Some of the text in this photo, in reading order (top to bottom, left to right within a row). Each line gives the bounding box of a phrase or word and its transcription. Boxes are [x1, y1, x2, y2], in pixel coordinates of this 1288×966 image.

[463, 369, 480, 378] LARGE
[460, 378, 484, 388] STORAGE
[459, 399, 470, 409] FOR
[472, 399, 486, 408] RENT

• _How to complete this task_: Every line of the data must be reproduced exactly.

• _Solved exercise_:
Some of the text in this photo, in reading order (top to bottom, left to right within a row). Each line gives the bounding box of a phrase or word and its transcription. Boxes are [x1, y1, x2, y2], in pixel coordinates of this 1288×966 image.

[463, 369, 480, 378] LARGE
[460, 378, 484, 388] STORAGE
[459, 399, 470, 409] FOR
[472, 399, 486, 408] RENT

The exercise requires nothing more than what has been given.